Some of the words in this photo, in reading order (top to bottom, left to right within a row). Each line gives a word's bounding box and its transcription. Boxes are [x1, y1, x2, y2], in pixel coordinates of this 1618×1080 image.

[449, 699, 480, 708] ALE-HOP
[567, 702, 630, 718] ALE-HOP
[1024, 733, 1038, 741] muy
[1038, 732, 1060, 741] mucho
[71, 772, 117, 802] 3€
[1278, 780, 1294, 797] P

Description of the task.
Line by line, output the listing above without alteration.

Solution for this exercise.
Some of the words in this photo, in reading order (top to bottom, left to right within a row). Each line gives a word's bounding box and its transcription. Boxes are [x1, y1, x2, y2], in pixel coordinates of this 1618×1080 image.

[449, 699, 480, 708] ALE-HOP
[567, 702, 630, 718] ALE-HOP
[1024, 733, 1038, 741] muy
[1038, 732, 1060, 741] mucho
[71, 772, 117, 802] 3€
[1278, 780, 1294, 797] P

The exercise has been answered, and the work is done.